Data to process:
#####

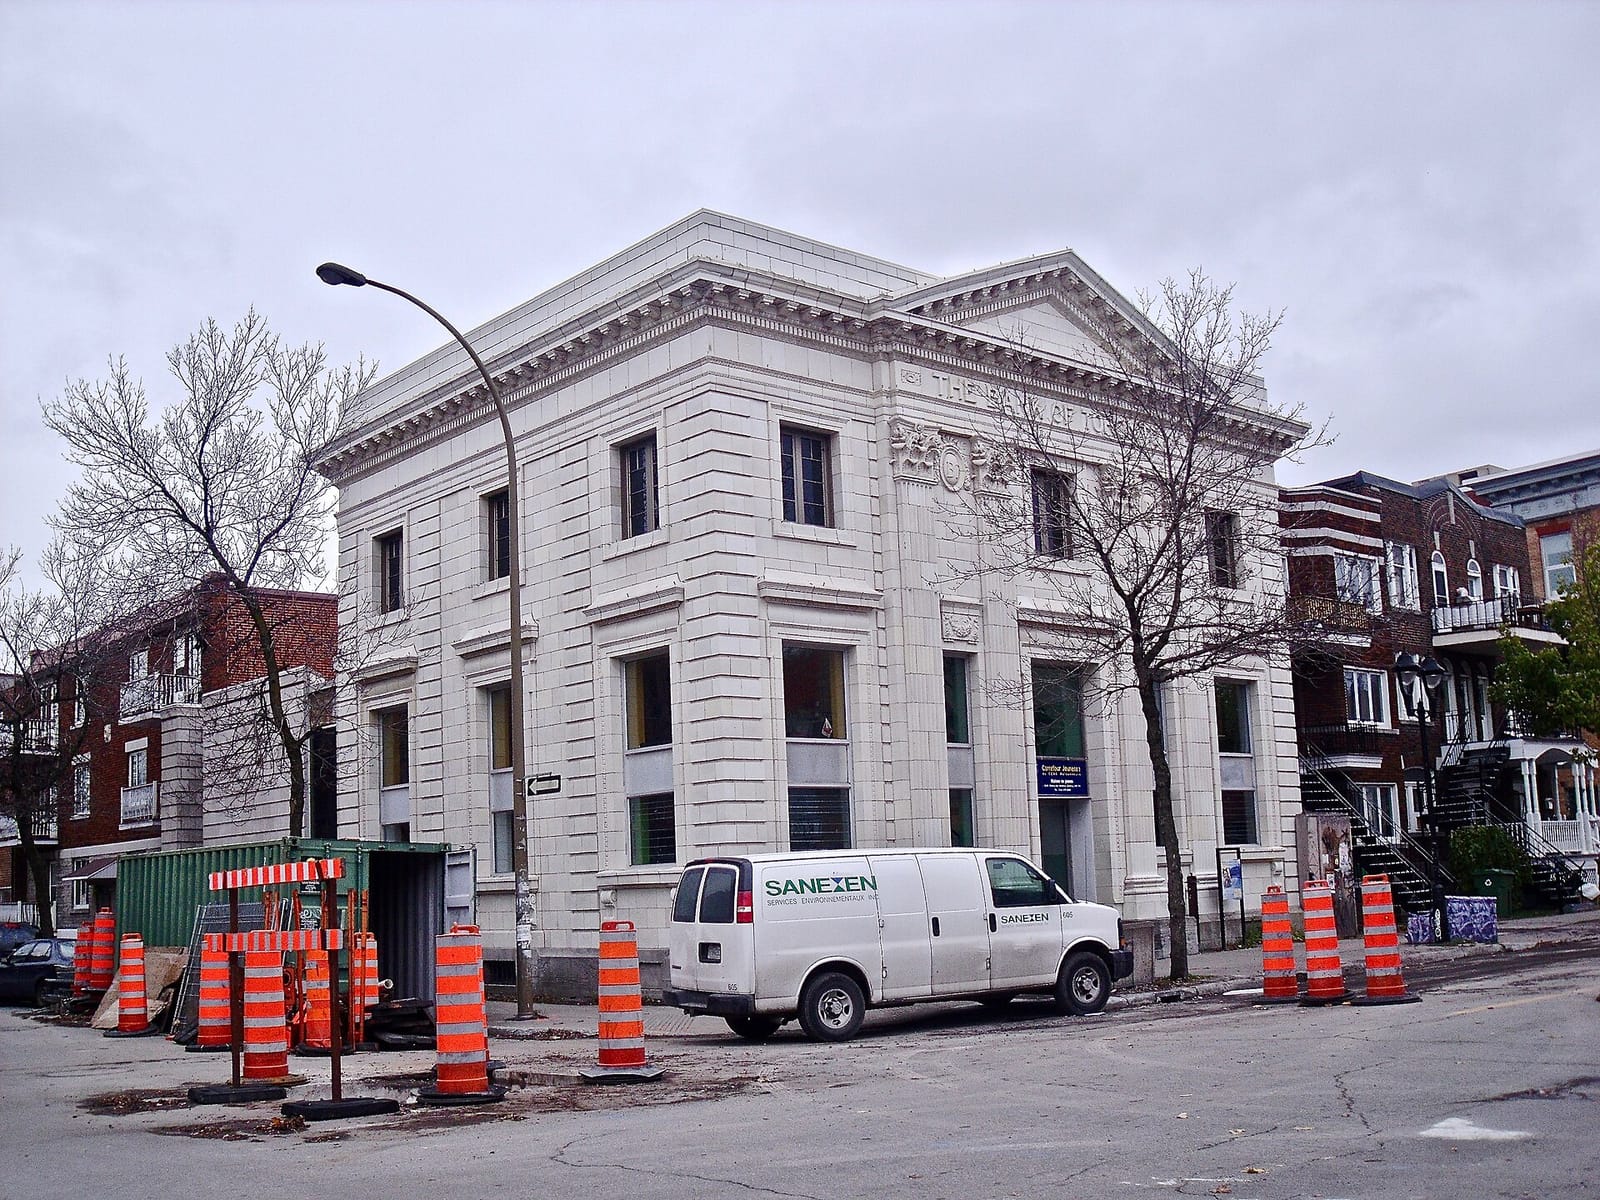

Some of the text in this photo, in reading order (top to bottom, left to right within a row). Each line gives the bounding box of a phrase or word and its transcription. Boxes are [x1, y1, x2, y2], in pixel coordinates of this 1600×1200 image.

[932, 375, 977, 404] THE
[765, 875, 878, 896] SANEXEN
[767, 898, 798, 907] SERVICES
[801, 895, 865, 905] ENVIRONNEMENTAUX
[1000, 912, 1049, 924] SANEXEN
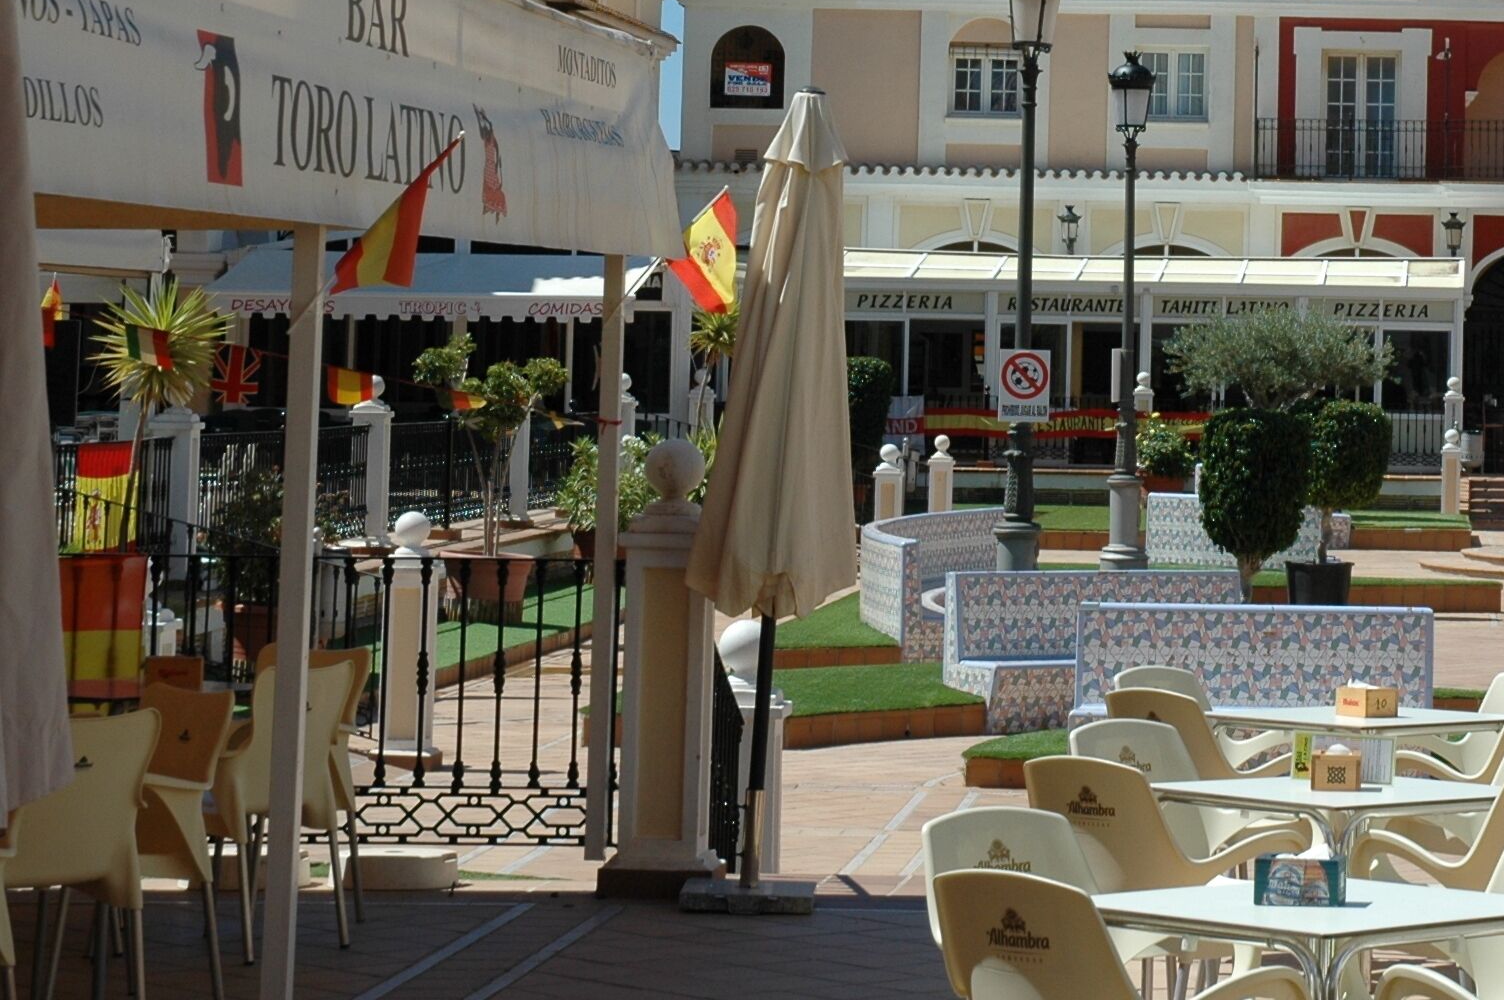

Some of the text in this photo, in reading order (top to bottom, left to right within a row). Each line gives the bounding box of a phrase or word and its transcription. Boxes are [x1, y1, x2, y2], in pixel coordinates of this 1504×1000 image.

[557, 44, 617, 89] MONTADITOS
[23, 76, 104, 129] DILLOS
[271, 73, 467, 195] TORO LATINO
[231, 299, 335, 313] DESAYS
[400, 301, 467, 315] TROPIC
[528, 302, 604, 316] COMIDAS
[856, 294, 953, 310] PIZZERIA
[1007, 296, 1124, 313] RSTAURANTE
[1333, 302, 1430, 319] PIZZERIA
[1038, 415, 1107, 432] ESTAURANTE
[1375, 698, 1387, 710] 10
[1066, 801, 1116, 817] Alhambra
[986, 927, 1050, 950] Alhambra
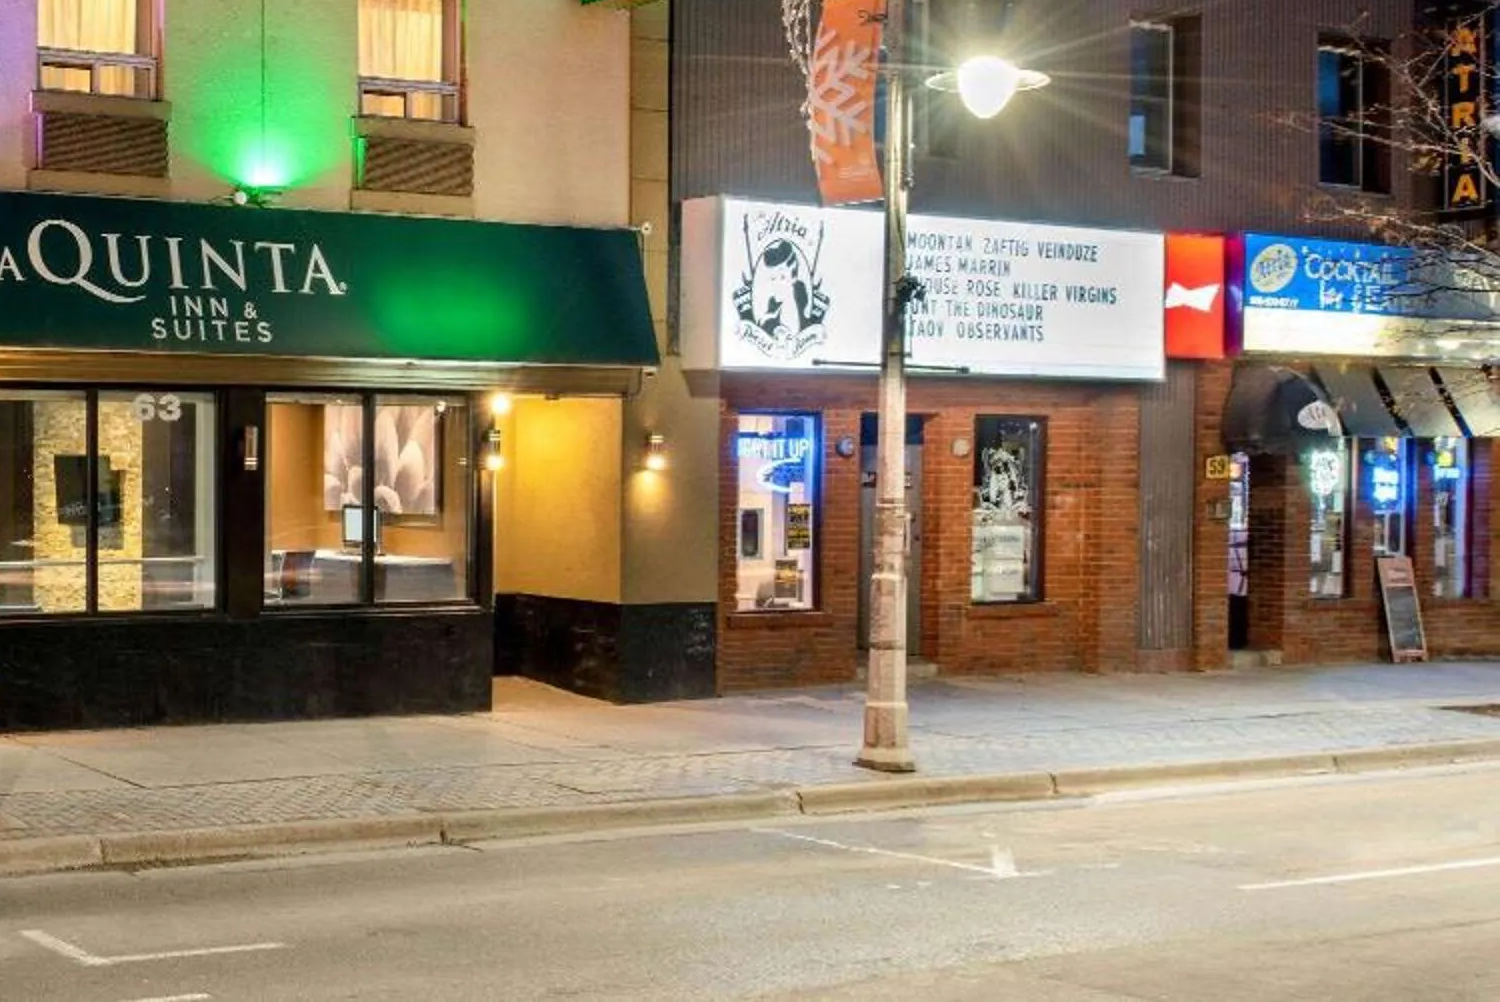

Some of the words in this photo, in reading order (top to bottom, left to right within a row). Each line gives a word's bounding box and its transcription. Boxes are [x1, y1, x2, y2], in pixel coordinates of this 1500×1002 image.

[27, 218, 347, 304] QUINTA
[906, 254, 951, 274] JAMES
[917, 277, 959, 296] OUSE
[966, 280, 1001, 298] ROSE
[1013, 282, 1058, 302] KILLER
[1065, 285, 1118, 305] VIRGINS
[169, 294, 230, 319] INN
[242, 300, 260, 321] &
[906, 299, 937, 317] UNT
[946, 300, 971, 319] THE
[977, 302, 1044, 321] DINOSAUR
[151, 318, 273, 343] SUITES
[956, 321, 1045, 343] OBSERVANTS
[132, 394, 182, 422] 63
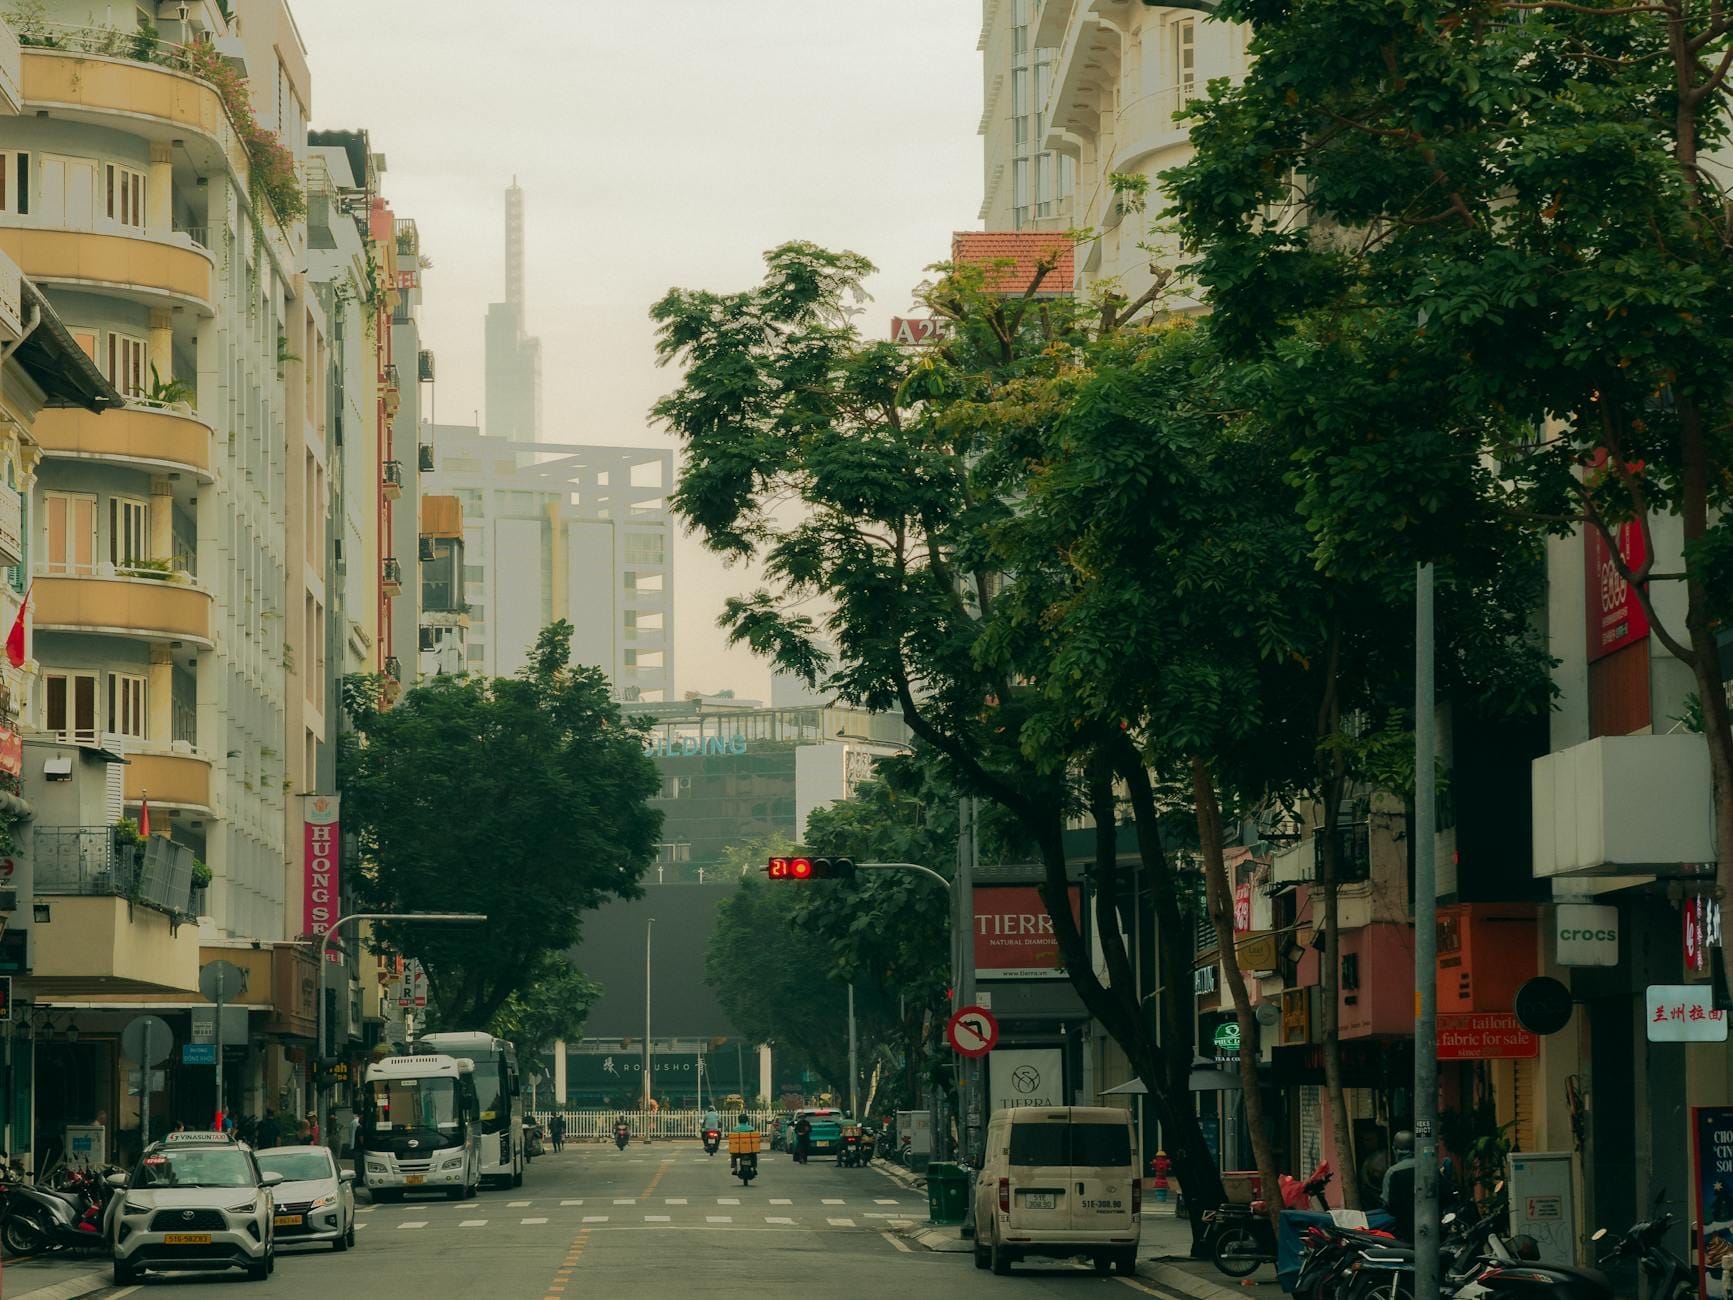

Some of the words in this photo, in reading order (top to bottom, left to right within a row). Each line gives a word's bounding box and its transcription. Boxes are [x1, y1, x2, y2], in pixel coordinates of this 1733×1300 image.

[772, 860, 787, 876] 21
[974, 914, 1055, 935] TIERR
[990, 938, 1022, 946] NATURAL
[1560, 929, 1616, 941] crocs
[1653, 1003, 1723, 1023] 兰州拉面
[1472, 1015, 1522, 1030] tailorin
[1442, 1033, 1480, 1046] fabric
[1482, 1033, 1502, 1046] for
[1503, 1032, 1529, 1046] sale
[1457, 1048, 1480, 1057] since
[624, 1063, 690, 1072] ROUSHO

#####

Work to be completed:
This calls for an exact copy of all the entries above, with the pictures omitted.

Exercise result:
Some of the text in this photo, in reading order (top to bottom, left to right within a row). Each line gives the bounding box of a phrase or word and its transcription. Boxes are [x1, y1, x2, y2], in pixel coordinates of this 1600×1200 image.

[932, 375, 977, 404] THE
[765, 875, 878, 896] SANEXEN
[767, 898, 798, 907] SERVICES
[801, 895, 865, 905] ENVIRONNEMENTAUX
[1000, 912, 1049, 924] SANEXEN

Some of the text in this photo, in reading order (top to bottom, left to right within a row). Each line gives the bounding box of a phrase or word and its transcription. Boxes are [x1, y1, x2, y2], in pixel coordinates of this 1504×1000 image.

[557, 44, 617, 89] MONTADITOS
[23, 76, 104, 129] DILLOS
[271, 73, 467, 195] TORO LATINO
[231, 299, 335, 313] DESAYS
[400, 301, 467, 315] TROPIC
[528, 302, 604, 316] COMIDAS
[856, 294, 953, 310] PIZZERIA
[1007, 296, 1124, 313] RSTAURANTE
[1333, 302, 1430, 319] PIZZERIA
[1038, 415, 1107, 432] ESTAURANTE
[1375, 698, 1387, 710] 10
[1066, 801, 1116, 817] Alhambra
[986, 927, 1050, 950] Alhambra

Some of the words in this photo, in reading order (top to bottom, left to right within a row). Each line gives a word's bounding box and its transcription. Boxes are [x1, y1, x2, y2], in pixel coordinates of this 1500×1002 image.

[27, 218, 347, 304] QUINTA
[906, 254, 951, 274] JAMES
[917, 277, 959, 296] OUSE
[966, 280, 1001, 298] ROSE
[1013, 282, 1058, 302] KILLER
[1065, 285, 1118, 305] VIRGINS
[169, 294, 230, 319] INN
[242, 300, 260, 321] &
[906, 299, 937, 317] UNT
[946, 300, 971, 319] THE
[977, 302, 1044, 321] DINOSAUR
[151, 318, 273, 343] SUITES
[956, 321, 1045, 343] OBSERVANTS
[132, 394, 182, 422] 63

Some of the words in this photo, in reading order (top to bottom, left to right within a row). Each line gives a word's bounding box and its transcription. Boxes are [x1, y1, x2, y2], in pixel coordinates of this 1733×1300 image.

[772, 860, 787, 876] 21
[974, 914, 1055, 935] TIERR
[990, 938, 1022, 946] NATURAL
[1560, 929, 1616, 941] crocs
[1653, 1003, 1723, 1023] 兰州拉面
[1472, 1015, 1522, 1030] tailorin
[1442, 1033, 1480, 1046] fabric
[1482, 1033, 1502, 1046] for
[1503, 1032, 1529, 1046] sale
[1457, 1048, 1480, 1057] since
[624, 1063, 690, 1072] ROUSHO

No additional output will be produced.